Uh huh, Jinxed myself!

After buttoning everything up I tried to access the nifty Mac network utility to reload the OS. I was able to get to the utility. After answering a couple of questions, the utility started, then told me that the OS wasn’t available. Gee THANKS APPLE!

Now I’ve got a computer that should be fast as hell and no OS. I booted the machine from a bootable memory stick that had the appropriate operating system on it. (Yeah, I tend to have some redundancy.) The system booted, I clicked on the installer, and it started just fine. Again I answered the questions and directed the installer to install the OS on the brand new 1TB internal hard disk.

The system takes off, executes a format of the internal HD then reboots as expected. Things went south from there. The reboot damaged the OS on the memory stick and in the process told me that the OS image (Downloaded from Apple about 2 years ago, and used several times to install the OS,) was invalid or possibly corrupt.

Great!
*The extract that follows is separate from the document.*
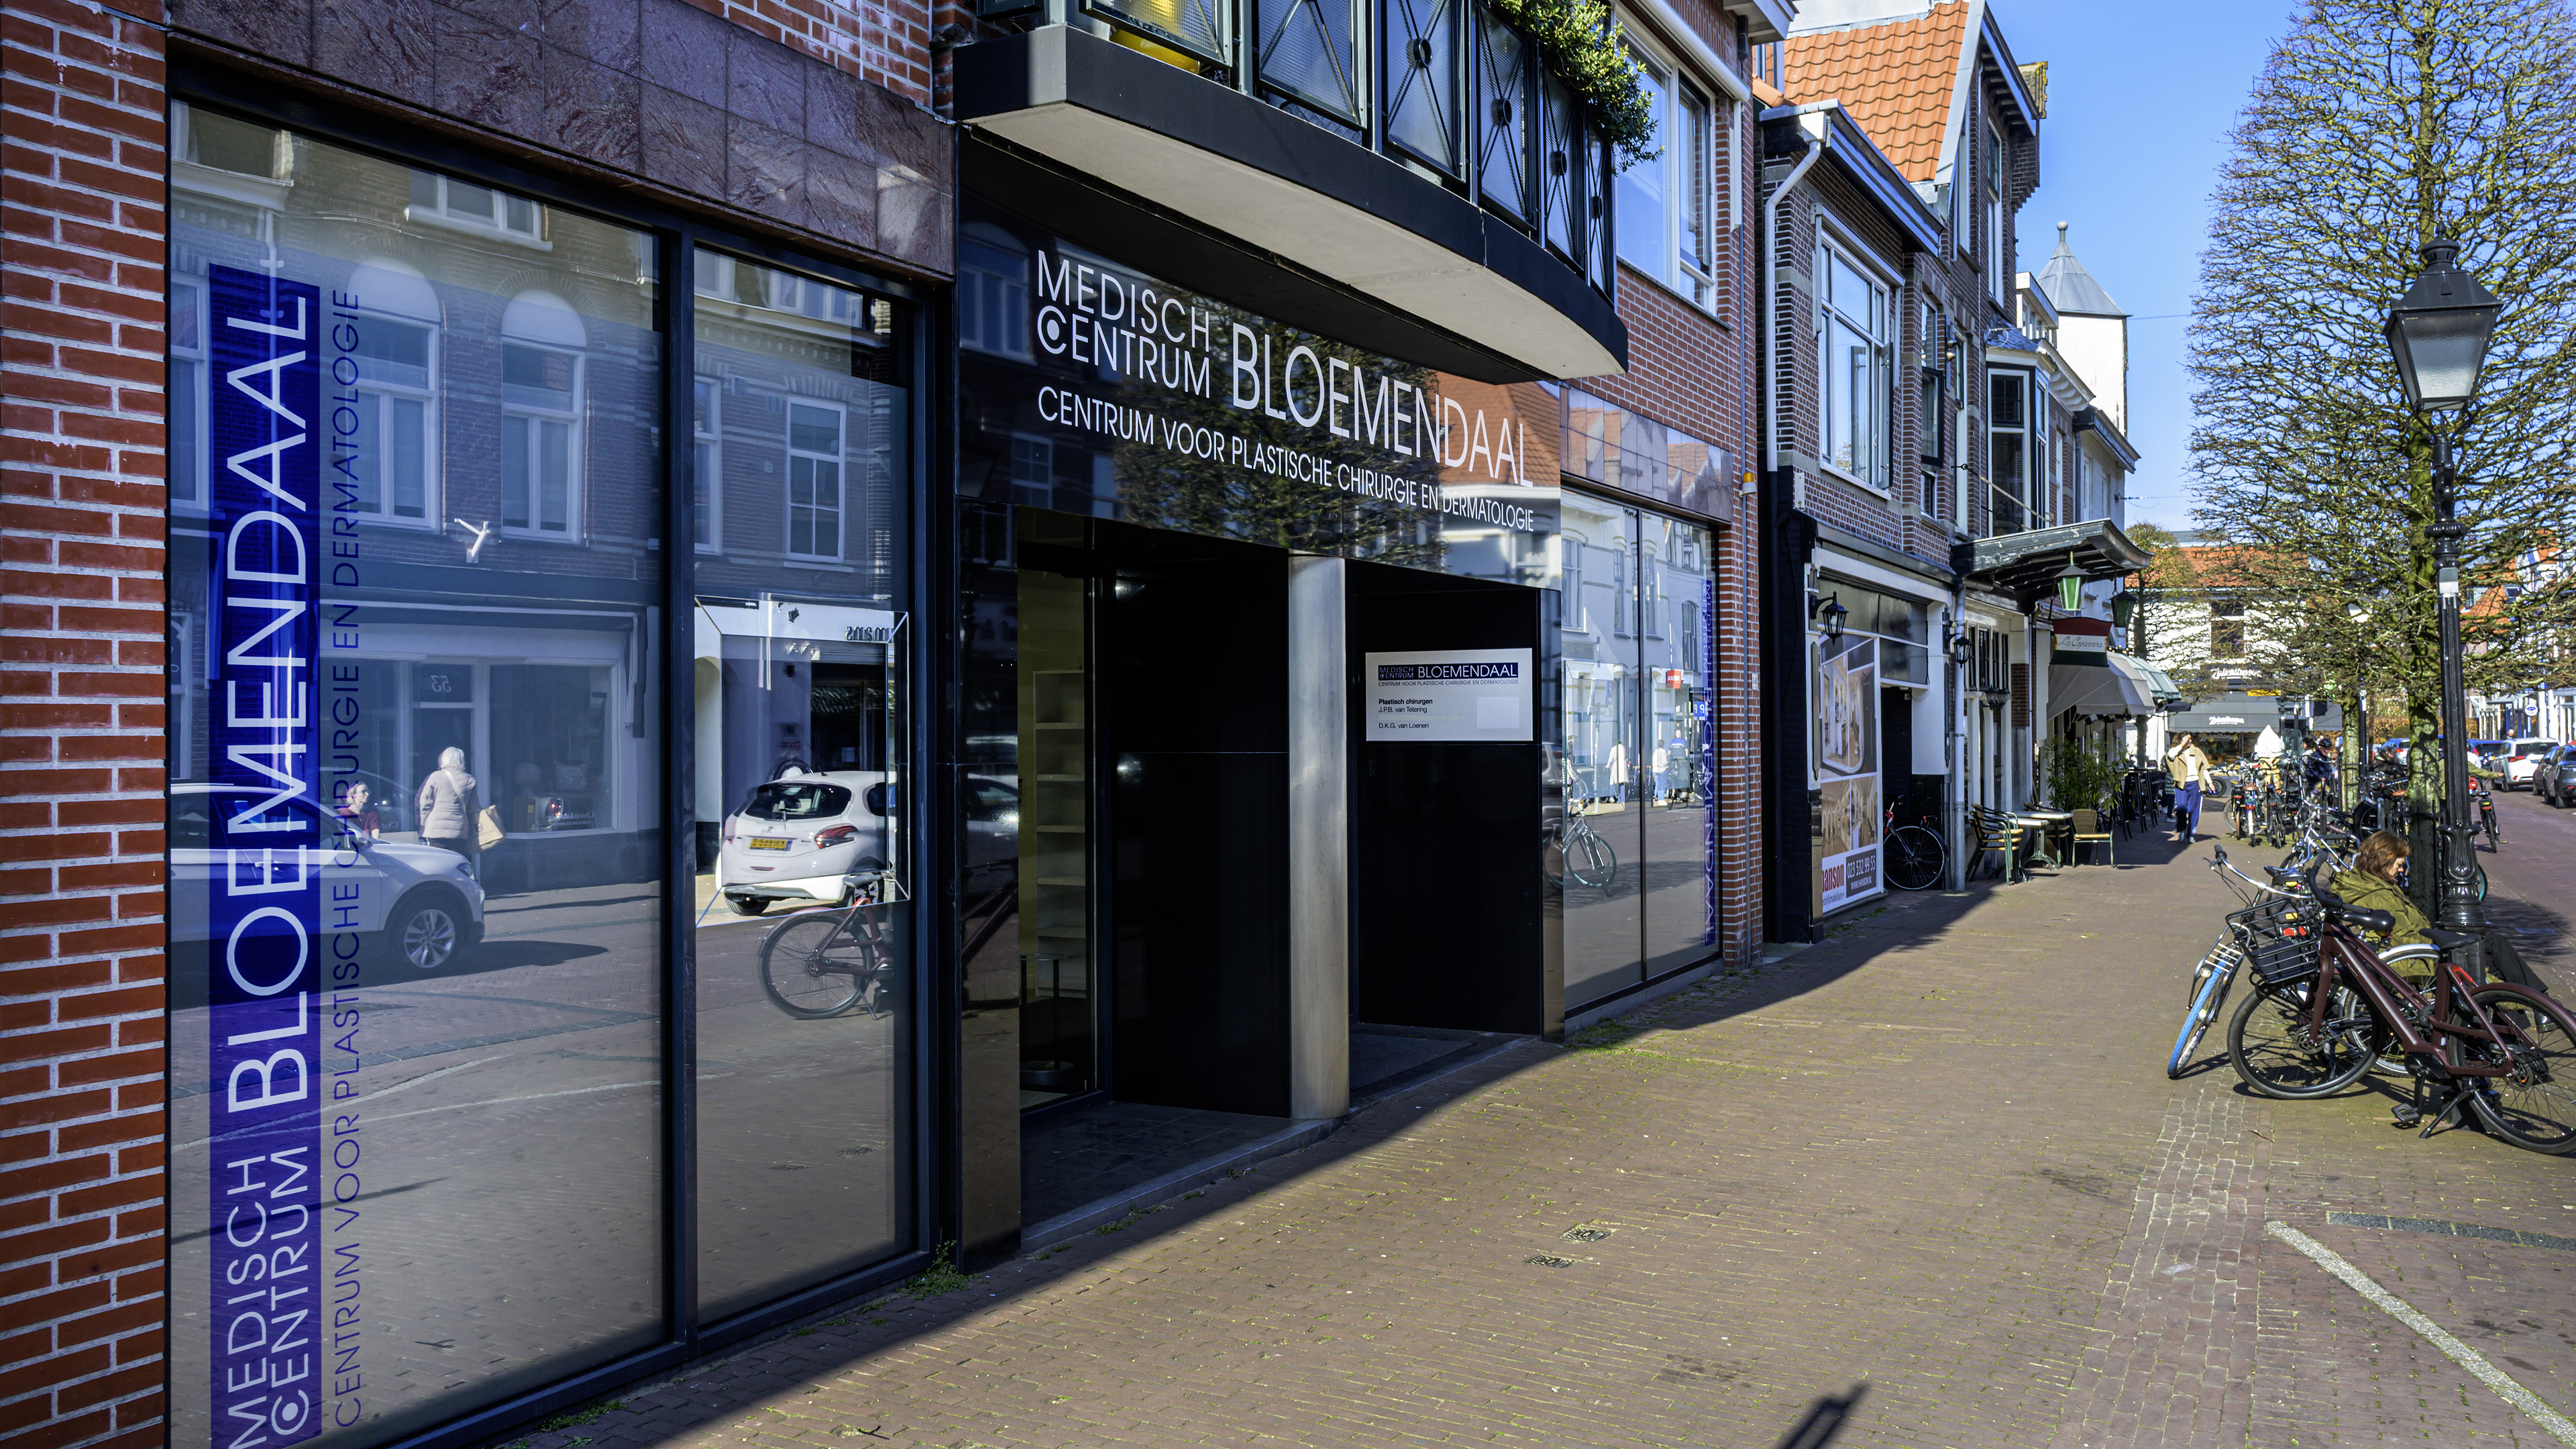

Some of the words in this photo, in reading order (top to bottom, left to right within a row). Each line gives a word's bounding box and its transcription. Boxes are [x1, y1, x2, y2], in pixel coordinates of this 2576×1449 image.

I can’t even install from my rainy day backup.

Now what?

Uh, maybe I’ll just use the TimeCapsule backup.

Nope, Backups 1 – 5 are corrupt.

I do still have the original bootable disk in an external enclosure. The computer is still workable booting from that external disk. But a 1TB internal SSD isn’t being used.

I try booting to the recovery partition. It works, but I still can’t install the OS from Apple.

This leaves me two choices. Do a complete backup from the original disk to another USB disk, then restore from that backup. Or I can try to sequence through the other backups on the Timecapsule hoping to find one that works.

I choose the latter, and remarkably seem to have found a backup that is intact. So I start the restore process.

Currently the restore is reporting 32 hours remaining. Let’s hope it works Otherwise I’m down to only one option which will probably take just as much time. USB 2 is painfully slow, although even with the 1GB speeds of my internal network, apparently network restore is also painfully slow.

Sometimes, the most straightforward things with computers turn into the most complicated.

In this case I’d tell Apple that if you’re going to say in a dialog box that the computer will either install its original OS or the most current version of the OS that is available…

DO WHAT YOU SAY YOU’RE GOING TO DO!

Giving someone the illusion that you’re going to support a system, is worse than saying that you’re not going to support that system. In the first situation your user figures, “No Problem” in the other case the user can make alternate arrangements as long as you don’t as part of some bullshit “verification” process destroy the alternative.

I’m not amused that I’ve lost a whole day to a simple 15 minute job.


1 AM update. The restore from the Time Capsule backup failed about 8PM. Digging around on the internet gave me an interesting option. It seemed I could use Apple’s Disk Utility to clone the existing drive to the 1TB SSD.

Well, what the heck did I have to lose at this point?

Boot from the recovery partition on the 1 TB SSD. (Yeah, that got installed properly thank goodness) Pull up Disk Utility from the recovery partition. select the destination drive. Select “recover” from the edit menu, select the source and hit enter.

A few hours later… I’m awakened by a familiar ding. Click the “Done’ button, select the start disk and Eureka! There is now a bootable usable operating system on the new drive.

I’m going back to bed… this has been a royal pain in the ass. Next up, deleting the corrupted backup from the Time Capsule and replacing it with something usable.

But I’ll do that tomorrow, my brain won’t even allow more than the contemplation of such an exercise tonight.

I don’t know if this is a good idea

There’ve been a lot of articles recently, about Google and Apple collaborating on a Coronavirus tracking application

At first glance, you think, “good,” that will make it easier for health officials to figure out how to stay ahead of outbreaks.

It would, but at a price to your privacy.

We have only Apple and Google’s assurances that the information won’t be misused. Implicit in this software solution is the belief that when the Coronavirus emergency is over that the tracking information, indeed the application itself will be of no further use. The assumption is that the application can be deleted and tracking will by default, be turned off. How do we know that & how can we verify that this is true?

I could see an application such as Google and Apple are working on, morphing into a general “Health” application wherein a wide variety of diseases are tracked. As I understand the Coronavirus aspect if you test positive for Coronavirus and enter your diagnosis into the application, then your movements are plotted. Local health officials can then watch the spread of Coronavirus throughout a community presumably because other people will also be entering their diagnosis too.

This raises some questions for me. If one person whose positive, visits an area and other people get sick is that person liable? Could they be prosecuted or sued? Should they be? I’m sure that due to the fear promulgated by media, politicians, and rumor. The initial response would be YES!!!

But let’s step back a bit. Would the answer be the same if the application was tracking hepatitis, syphilis, gonorrhea, Influenza, herpes, HIV, measles, or chicken-pox? These diseases present health departments with challenges to tracking and treatment. In fact these diseases are more of a health hazard than Coronavirus may prove to be.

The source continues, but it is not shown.